The Autophagy-Related Long Non-Coding RNA Signature for Acute Myeloid Leukemia

Abstract

Background: LncRNA plays the complex functions in the regulation of autophagy in cancers. However, the effect of autophagy-related lncRNA on the prognosis of AML remains unclear. Methods: Autophagy-related genes and lncRNA profiles were integrated based on TCGA and HADb dataset. autophagy-related lncRNAs were screened out by co-expression analysis, and an autophagy-related lncRNA signature was developed by using univariate Cox analysis followed by stepwise multivariate Cox analysis. Log-rank statistical method and the time-dependent receiver operating characteristic curve were used to assess the efficiency of the model predictions. GSEA was used for biological functional annotation and pathways analysis.

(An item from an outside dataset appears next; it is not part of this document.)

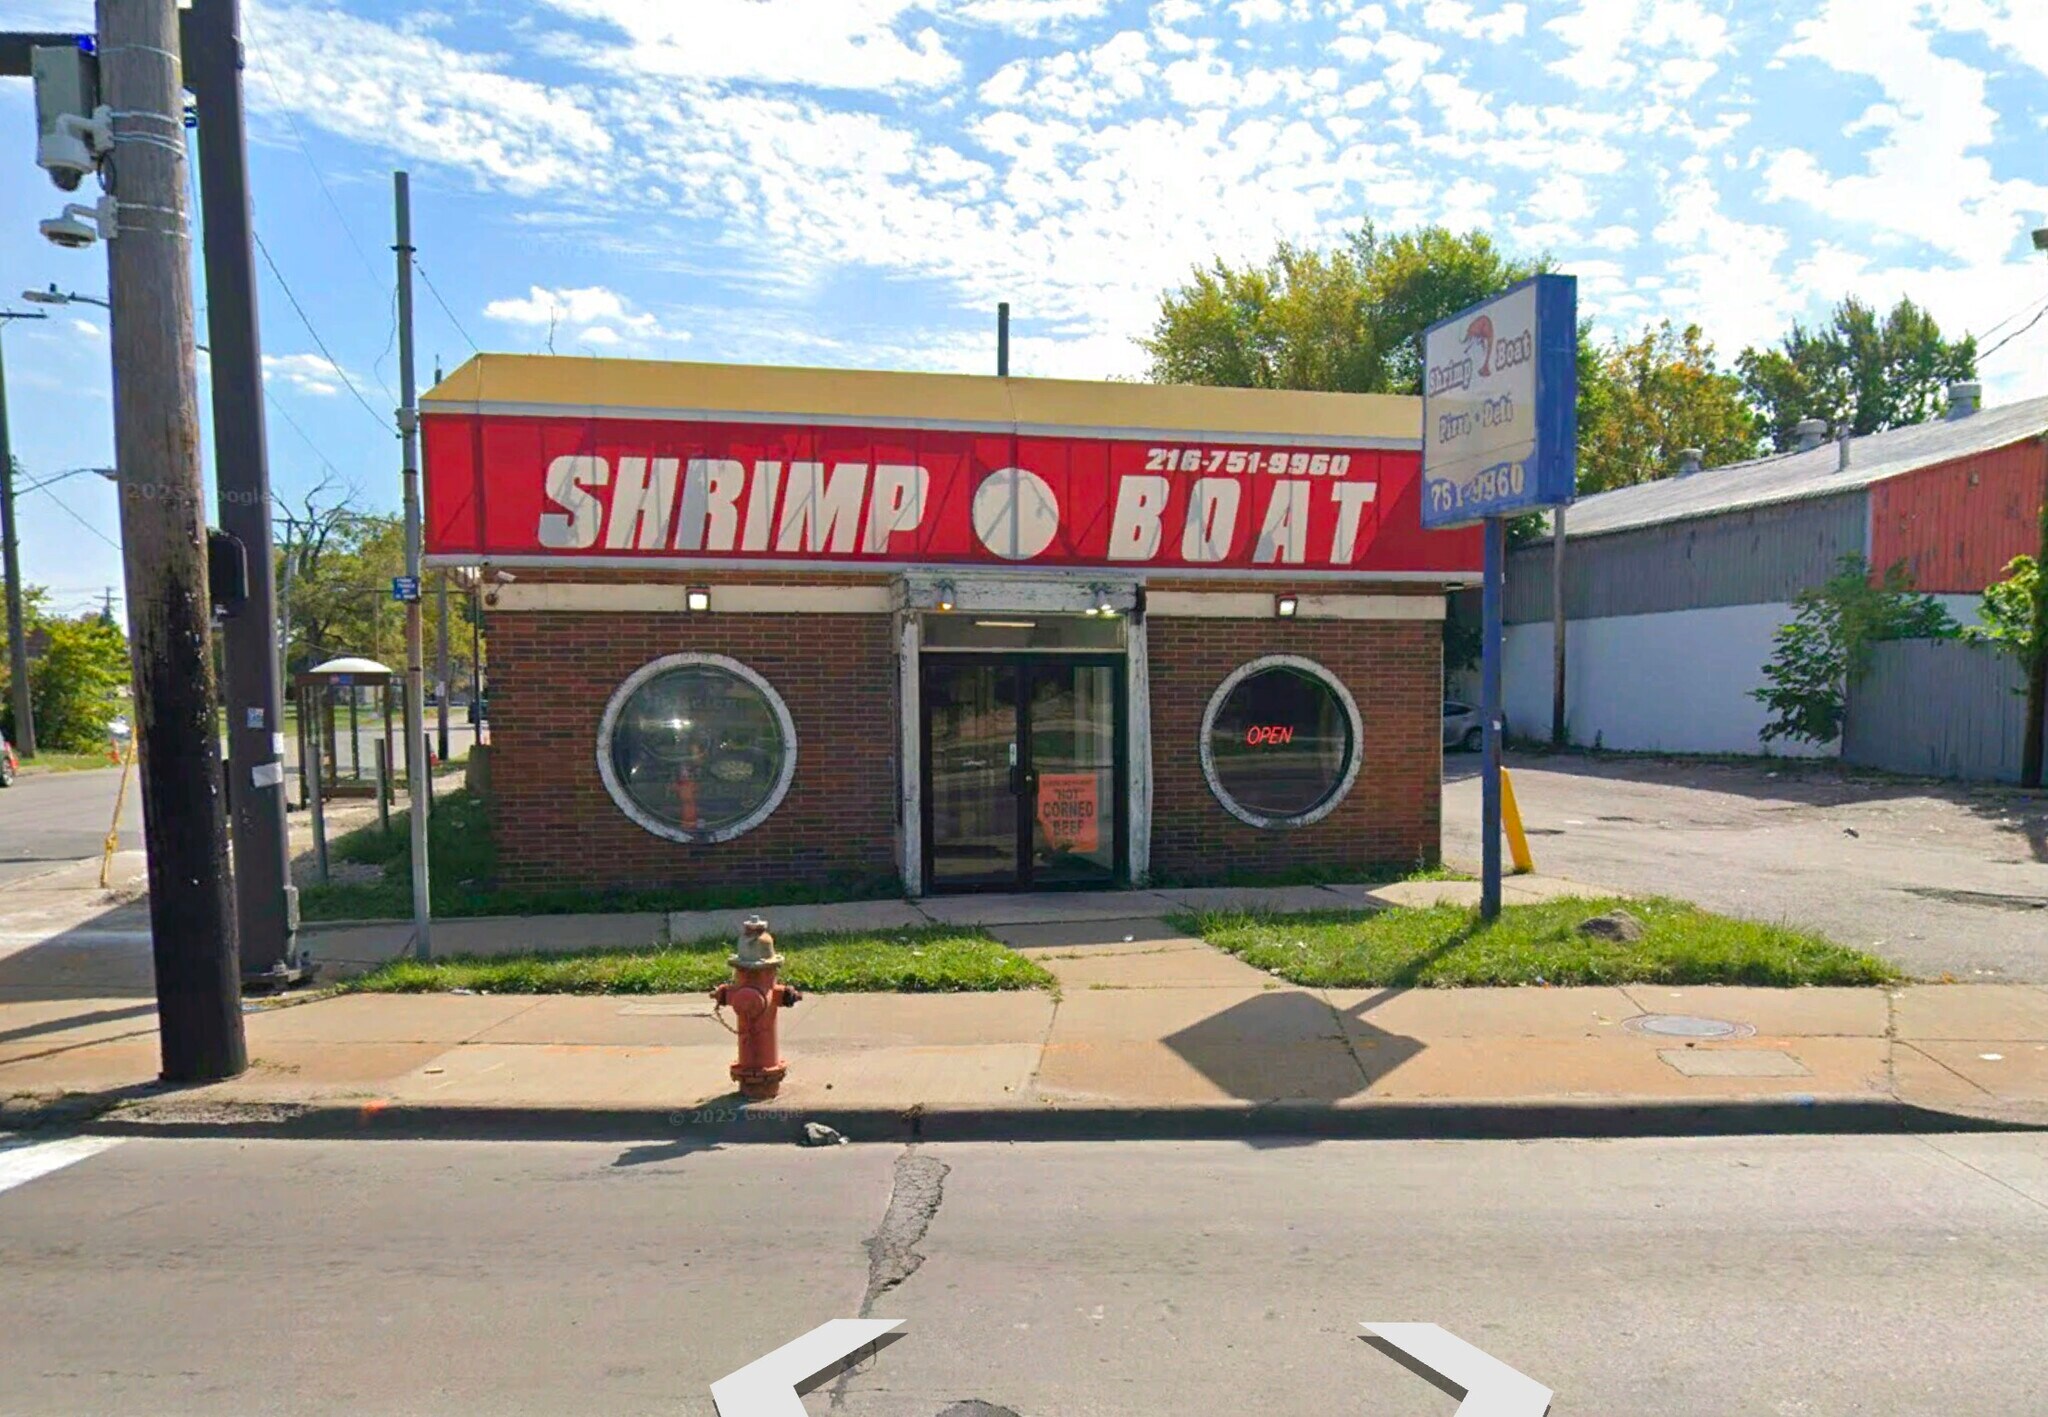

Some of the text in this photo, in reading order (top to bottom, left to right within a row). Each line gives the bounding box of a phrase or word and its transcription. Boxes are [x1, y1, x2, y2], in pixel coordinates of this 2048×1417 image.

Findings: Six lncRNAs, HYMAI, MIR155HG, MGC12916, DIRC3, C1orf220 and HCP5 were final screened to construct an autophagy-related lncRNA signature. Patients with high-risk had significantly shorter OS than low-risk patients (median OS, 0.8137 years vs 3.847 years, p=1.912e-07). The area under the curve of risk score was 0.746, which was much higher than other adverse prognostic factors indicated well accuracy of prediction. The results of GSEA indicated that proteasome-related pathways were more active in high-risk group. Interpretation: Our proposed autophagy-related lncRNA signature has an important prognostic value, and may provide a promising tool for improving the development of AML risk stratification and personalized treatment. Funding: National Natural Science Foundation of China (81770172); Jiangsu Provincial Special Program of Medical Science (BE2017747); Jiangsu Province 333 project (BRA2019103); The Fundamental Research Funds for the Central Universities (2242019K3DZ02); Milstein Medical Asian American Partnership Foundation Research Project Award in Hematology (2017); Key Medical of Jiangsu Province (ZDXKB2016020). Declaration of Interests: The authors declare that they have no competing interests.